5. It will be seen that we only declare the effect of usury, without intimating any opinion as to its presence or absence in this particular case. That is a question for the jury, and so we intend to leave it. It was, however, insisted, as matter of law, that when the statute allowed- a conventional rate of interest higher than the general rate, on condition that the contract therefor was in writing, the rate stipulated for or agreed on had to be expressed in the writing, and that to add the principal and interest together, giving a note for the aggregate, would not be a compliance with the,statute. We think otherwise. The statute merely intended to distinguish between written and parol contracts, declaring the former effectual and the latter not. The promise to pay might be so much in a round sum, provided the statutory limit as to rate was not exceeded, and if the promise and the sum were evidenced by writing the contract would be in writing. Of course, the more detailed statement of the terms of the contract would also suffice where it was the pleasure of the parties to set them out.

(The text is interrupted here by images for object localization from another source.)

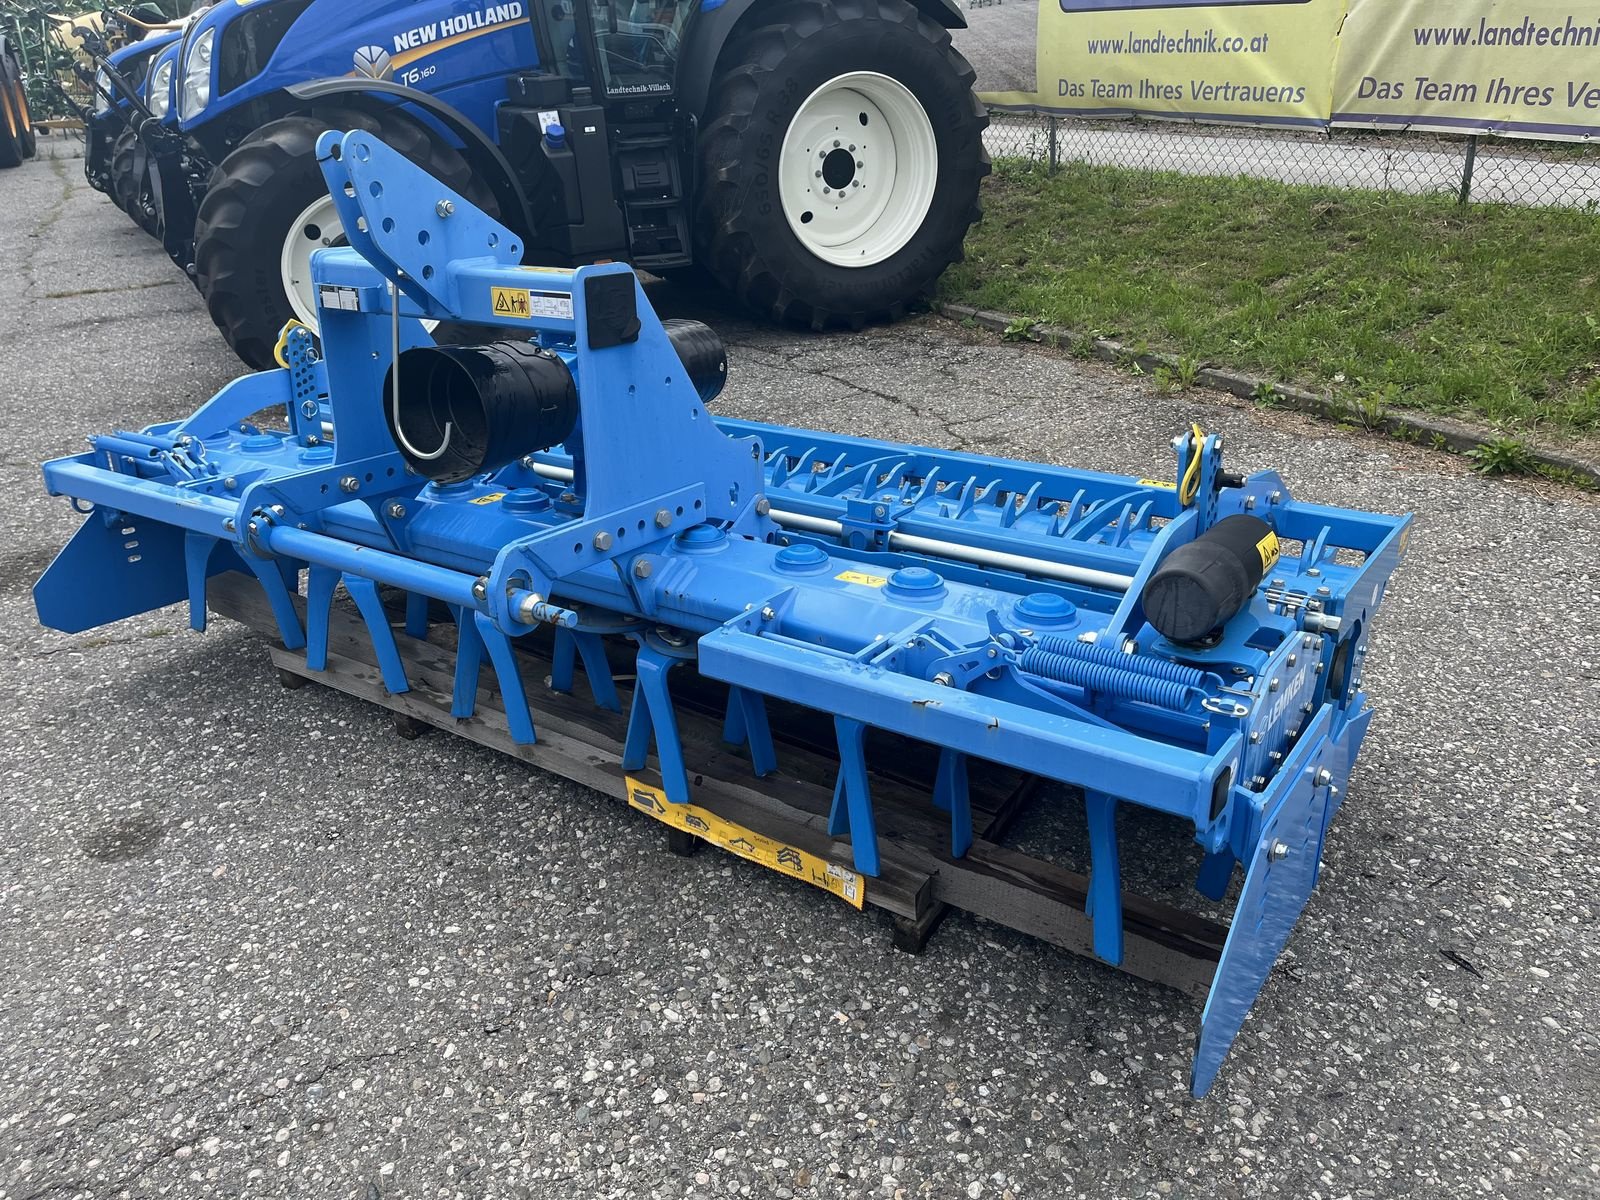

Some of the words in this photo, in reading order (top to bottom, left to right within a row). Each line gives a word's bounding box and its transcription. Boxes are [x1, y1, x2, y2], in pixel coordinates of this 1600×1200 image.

[393, 23, 437, 52] NEW
[440, 1, 523, 38] HOLLAND
[1088, 29, 1269, 55] www.landtechnik.co.at
[606, 83, 671, 95] Landtechnik-Villach
[1058, 78, 1085, 97] Das
[1090, 78, 1133, 99] Team
[1139, 78, 1183, 100] Ihres
[1190, 79, 1306, 104] Vertrauens
[1357, 76, 1404, 100] Das
[1414, 77, 1477, 103] Team
[1485, 77, 1555, 106] Ihres

6. The void sale of the mules by the constable, his only warrant being a mortgage fi. fa. issued by a justice of the peace, gave no title to the purchaser. But if the owner, with a knowledge of all the facts, acquiesced in the sale *57and hired the mules from the purchaser, why was it not an adoption of the constable’s void act, and a ratification of the sale ? Doubtless the price paid went to the payment of the mortgage debt, and if so, the owner of the mules was benefited to that extent. Perhaps he was well satisfied with the price and with the application of the money, and for that reason cared not whether the sale was legal or illegal. The purchaser, it may be supposed, got possession of the animals from the constable, and passed that possession to the hirer. If the hirer thus acquired possession, it made a case of bailment, and the general rule holds that the bailee cannot, whilst retaining possession, dispute the bailor’s title. If he had wanted to make an issue on the legality of a constable’s sale, he ought not to have taken the position of hirer or bailee under the purchaser — I mean if he had wanted to make that issue with the purchaser. Of course, his wife, on a claim of the mules as her husband’s, and as therefore exempt, cannot make the issue if he is estopped from making it. If the hiring was only colorable and a cloak for usury, no estoppel would arise against either. We have spoken of a real, hiring, not of a mere sham.

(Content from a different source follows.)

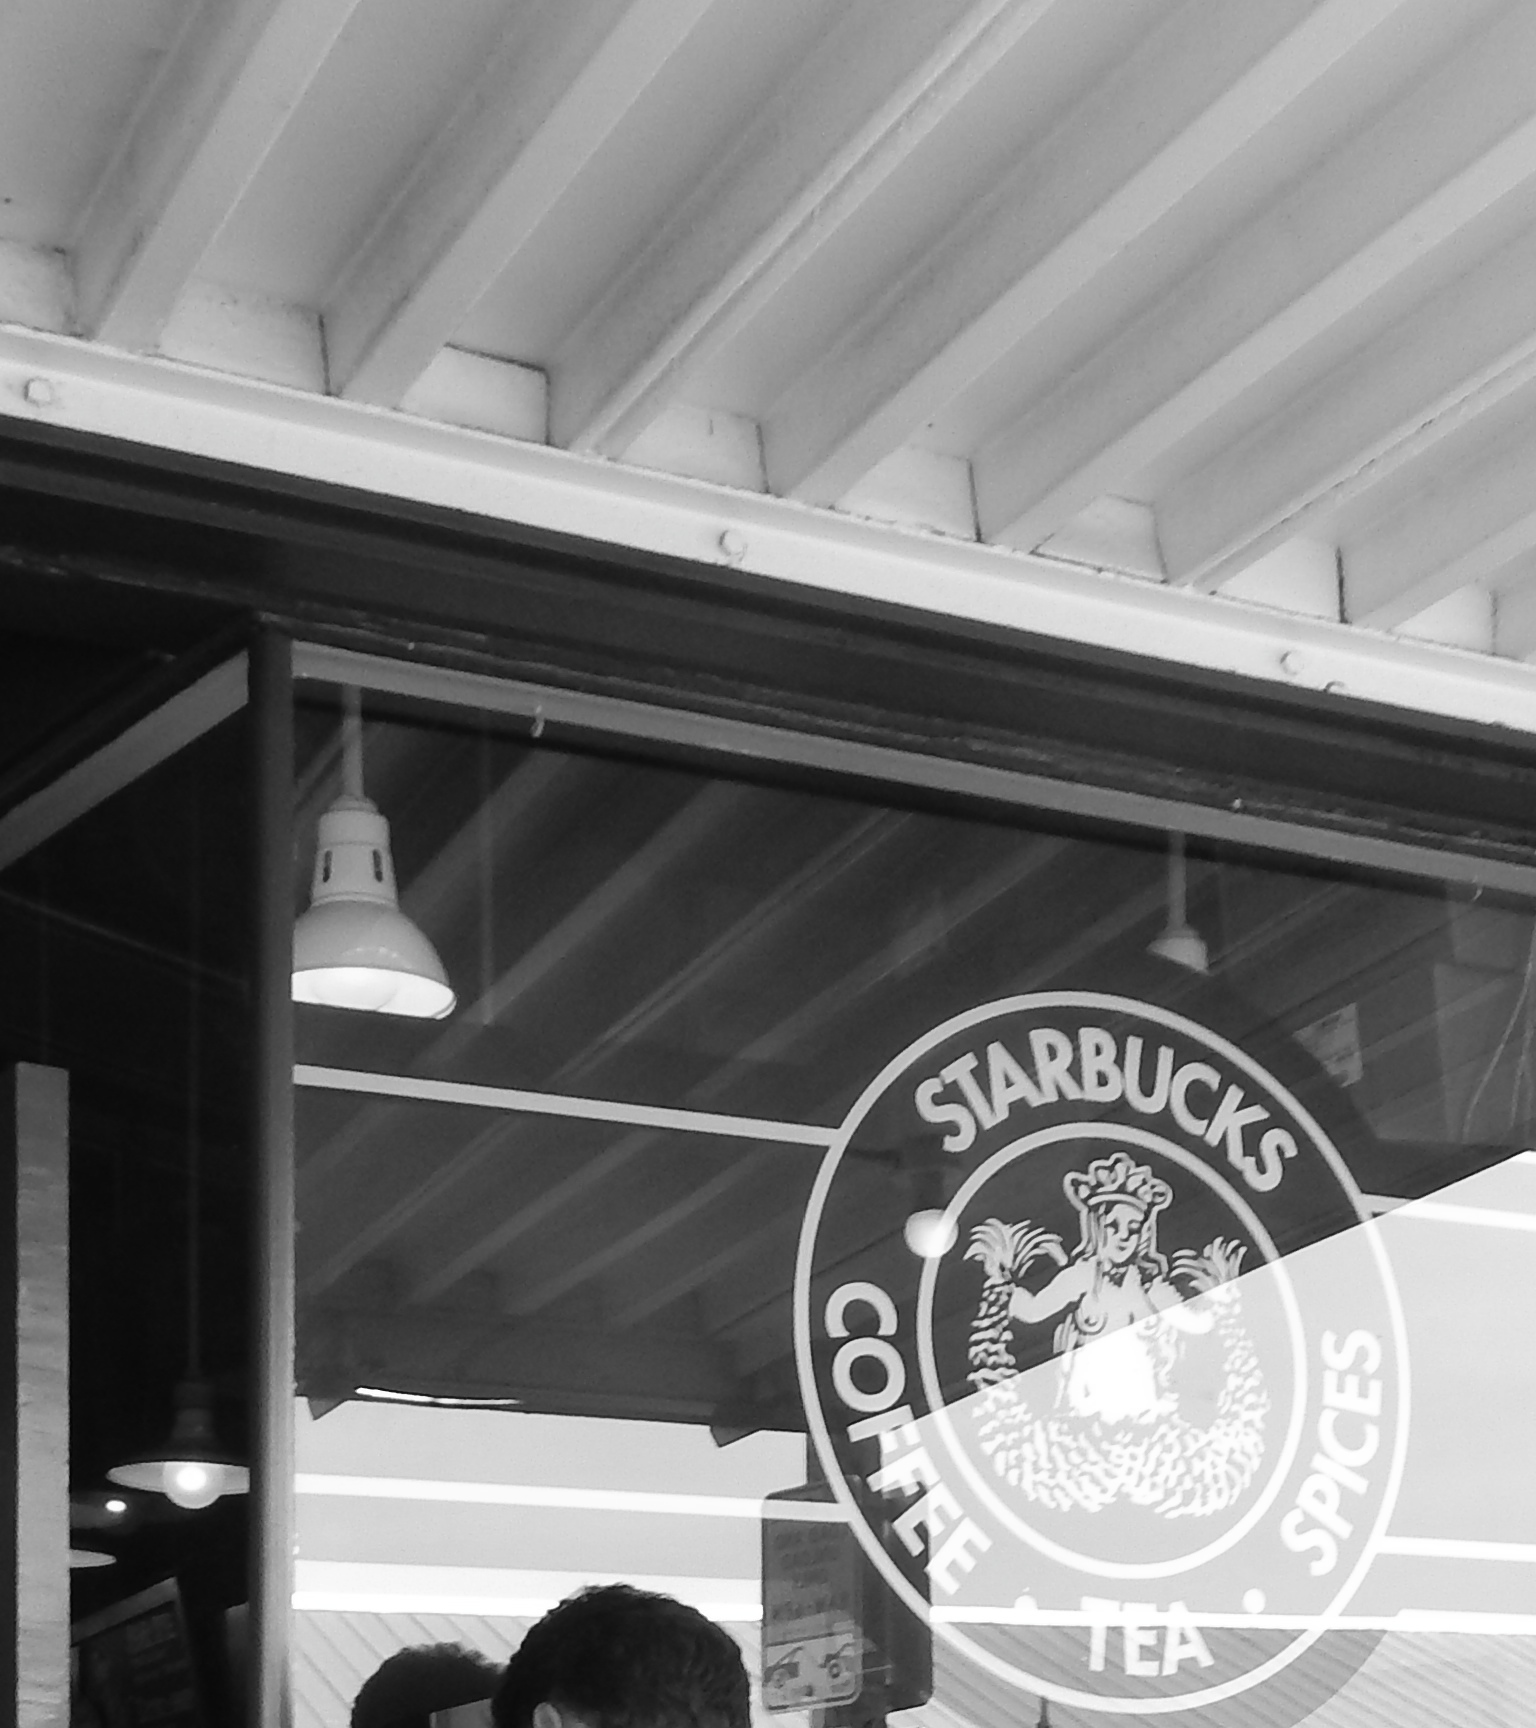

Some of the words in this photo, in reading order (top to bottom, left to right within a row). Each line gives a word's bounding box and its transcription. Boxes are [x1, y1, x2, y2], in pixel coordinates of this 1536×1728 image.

[915, 1027, 1299, 1192] STARBUCKS
[824, 1281, 992, 1595] COFFEE
[1280, 1328, 1382, 1576] SPICES
[1079, 1596, 1215, 1677] TEA

7. It is manifest at a glance that most if not all the objections filed by Anderson to the application for homestead were not appropriate to that sort of proceeding. Disputes about title to the property, or about liens upon it, are generally not to be raised and settled in that way. But here the parties have agreed to consolidate their litigation, raise the real issues and have them tried on the merits, and they conducted the trial accordingly. The evidence had the widest range, and brought before the court and jury everything that the parties were disputing about. In so far, therefore, as the charge of the court cut off any part of the case from the jury which the consent arrangement of the parties embraced, or authorized the jury to arrive at a verdict on principles which would leave the main controversy still open, the charge was .erroneous. Certainly this *58was done in respect to usury in its relation to the homestead right, and were there no other error a new trial ought to have been granted for that one.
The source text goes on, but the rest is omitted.